È una buona attitudine. Se vuoi che i tuoi figli crescano bene devi curarti di loro, devi dirgli cosa fare.

– Faresti lo stesso con Vasily?

Non voglio che diventi un tennista.

– Ma mettiamo che tu voglia che diventi un astronauta, un economista…Gli diresti di fare quello che vuoi tu?

Se in quello che dico c’è del bene, sì. Perché è un bambino. Non ha nessuna idea né preoccupazione. Io ho 25 anni. Ora forse ho realizzato che sette anni fa ero molto stupido. E avevo 18 anni, giocavo già contro i primi 100 del mondo. Certamente devi dire ai tuoi figli cosa fare.
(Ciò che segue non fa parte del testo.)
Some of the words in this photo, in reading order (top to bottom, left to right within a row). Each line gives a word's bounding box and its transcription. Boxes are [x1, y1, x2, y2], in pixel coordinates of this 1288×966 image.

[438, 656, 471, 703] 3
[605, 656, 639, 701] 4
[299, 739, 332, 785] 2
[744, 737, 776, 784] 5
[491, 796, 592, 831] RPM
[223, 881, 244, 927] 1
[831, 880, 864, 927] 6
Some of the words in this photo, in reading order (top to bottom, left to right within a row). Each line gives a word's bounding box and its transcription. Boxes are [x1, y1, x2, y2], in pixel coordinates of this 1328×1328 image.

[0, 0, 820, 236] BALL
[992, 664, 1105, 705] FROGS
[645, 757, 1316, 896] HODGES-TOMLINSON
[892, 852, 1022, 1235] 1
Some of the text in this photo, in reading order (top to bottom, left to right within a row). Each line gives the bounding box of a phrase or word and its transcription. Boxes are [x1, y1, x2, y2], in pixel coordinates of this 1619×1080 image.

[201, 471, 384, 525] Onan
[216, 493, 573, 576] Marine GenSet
Se gli lasci libertà vedrai che combinano.

– Stai prendendo sul serio le tue responsabilità di padre.

È necessario prendersi delle responsabilità. Alle persone questo non piace, vogliono dire che non è colpa loro. Prendersi responsabilità fa parte della vita.

– Hai apprezzato la vittoria di Elena Rybakina a Wimbledon? Avete entrambi una cosa in comune: siete nati in Russia ma rappresentate il Kazakistan.
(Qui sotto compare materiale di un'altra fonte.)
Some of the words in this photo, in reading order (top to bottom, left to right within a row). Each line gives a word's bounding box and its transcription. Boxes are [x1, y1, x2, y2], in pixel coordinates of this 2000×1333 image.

Sì, certo. La vittoria di Elena è qualcosa di grandioso per il paese, considerando cosa ha dovuto attraversare la nostra federazione. Gli investimenti hanno ripagato, e stanno ripagando gli sforzi da molti anni prima che io giocassi, da quando gioca Mikhail Kukushkin. Elena è solo la ciliegina sulla torta. Sono orgoglioso della Federazione perché so il lavoro che hanno fatto. Quanto hanno aiutato i giocatori, quanto hanno aiutato me. È un grande risultato.

– Federer, Nadal, Djokovic…Chi è più “cool”?
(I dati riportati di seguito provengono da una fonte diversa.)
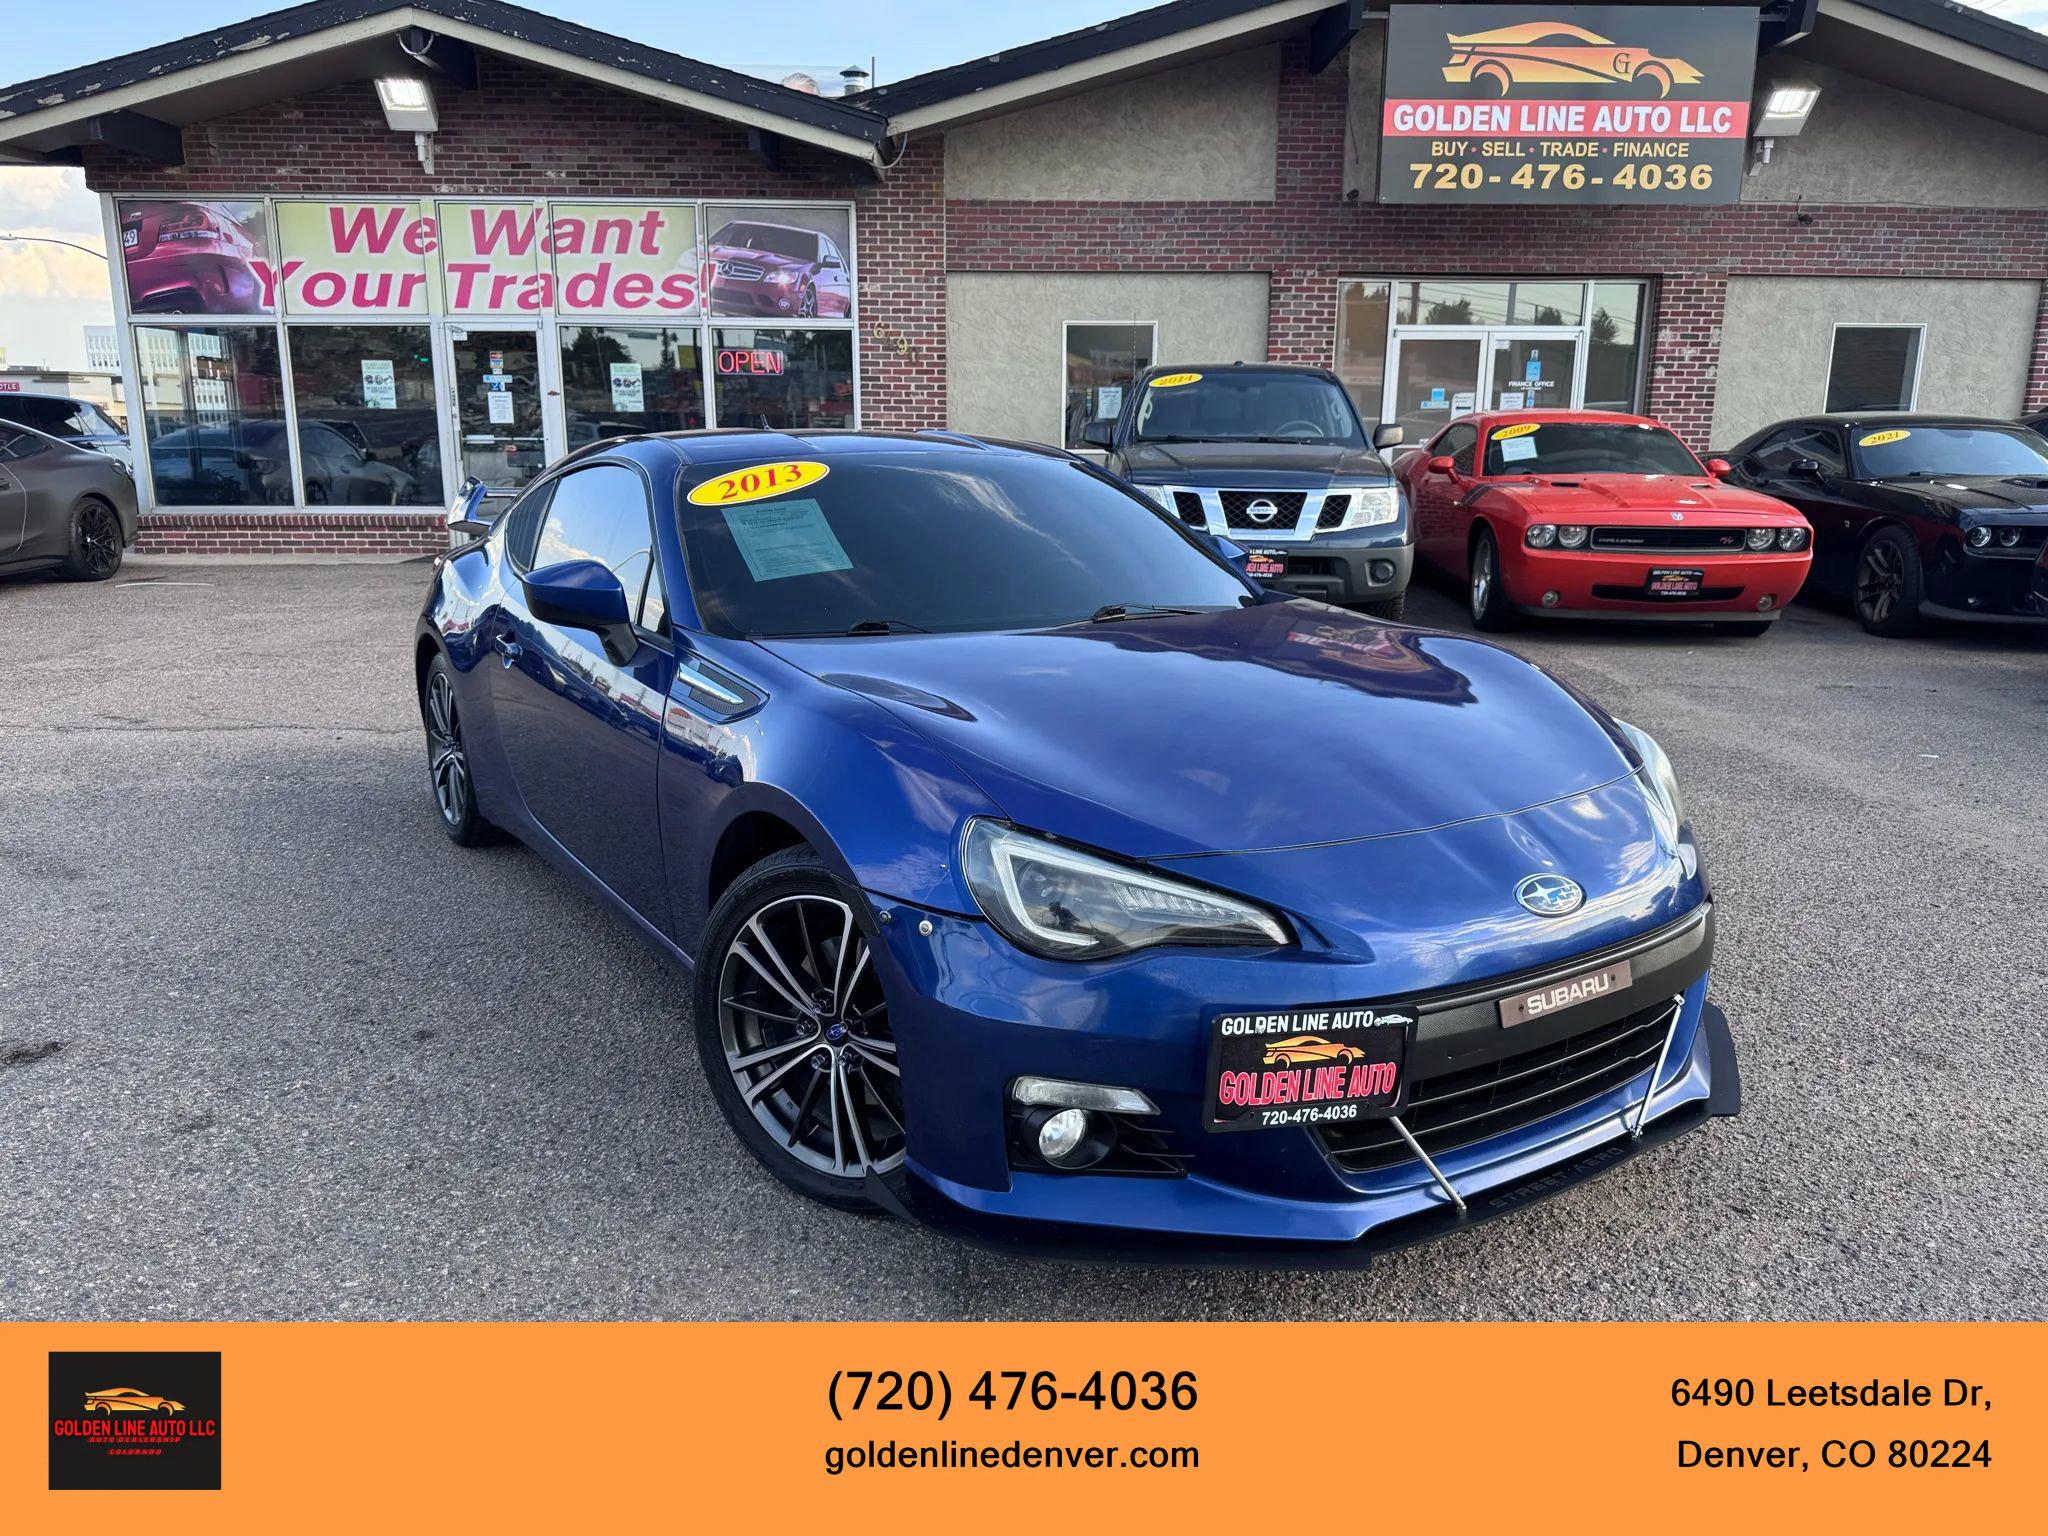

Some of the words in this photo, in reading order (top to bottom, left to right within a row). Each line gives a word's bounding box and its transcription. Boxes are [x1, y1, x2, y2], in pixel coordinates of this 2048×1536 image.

[1393, 104, 1511, 132] GOLDEN
[1519, 105, 1586, 133] LINE
[1592, 105, 1671, 133] AUTO
[1679, 106, 1732, 133] LLC
[1431, 141, 1469, 157] BUY
[1481, 141, 1526, 157] SELL
[1540, 141, 1599, 157] TRADE
[1613, 142, 1690, 158] FINANCE
[329, 207, 438, 255] We
[470, 207, 665, 256] Want
[248, 260, 427, 308] Your
[447, 262, 718, 310] Trades!
[719, 351, 783, 374] OPEN
[1871, 431, 1900, 444] 2021
[718, 464, 802, 501] 2013
[1527, 973, 1609, 1015] SUBARU
[1221, 1014, 1289, 1036] GOLDEN
[1292, 1013, 1328, 1032] LINE
[1331, 1011, 1374, 1030] AUTO
[1219, 1070, 1301, 1106] GOLDEN
[1302, 1066, 1346, 1101] LINE
[1347, 1061, 1397, 1098] AUTO
[1262, 1104, 1357, 1125] 720-476-4036
Siamo onesti, non ho passato così tanto tempo con Roger, neanche con Rafa. Per me, quindi, il più “cool” è Novak.

– Quindi, poco tempo con Federer?

Esatto. Quando sono arrivato era già sulla via del ritiro, non giocava molto. Con Novak abbiamo parlato molto dall’inizio del Covid. Non direi che è “cool”, ha 35 anni, non si può essere “cool” a 35 anni e con due figli. È un brav’uomo, tennista e padre orgoglioso, è un grande di questo sport.

– E oltre ai big 3, se dovessi menzionare un paio di tennisti “cool”, chi sceglieresti?

Monflis e Dimitrov. Con loro due mi trovo molto bene.

– Cosa intendi per “cool”?

Gael. Gael è la definizione della parola. È tranquillo, gli piace giocare con il pubblico.

– È vero che tu e Alexander Zverev avete avuto uno scontro quando eravate juniores?

Sì.

– Che è successo?

Non dirò la storia. Si tratta del passato. Abbiamo avuto uno scontro, ma non andiamo nei dettagli.

– Almeno puoi dirci chi ha vinto?

Siamo entrambi vivi, quindi è andata bene per tutti.

– Quindi non è stato così terribile.

Non penso che dovremmo parlare del passato.

– Sei un tipo festaiolo?

Lo ero

– Cosa ti ha fatto cambiare? La famiglia?

Prima di conoscere mia moglie, ero molto festaiolo. Non è carino comportarsi così quando si è in una relazione, no?

– Non ne sono sicuro.

Devi essere fedele, prenderti cura della persona con cui stai.

– Qual è il tuo sogno nel tennis?

Non credo sia un sogno, ma un obiettivo. Perché i sogni sono cose che non puoi raggiungere. Il mio obiettivo è restare in forma e giocare a lungo. Se riuscirò a essere nella top 30, top 40 fino alla fine della mia carriera, tra 10 o 15 anni posso dire che è stata una buona carriera.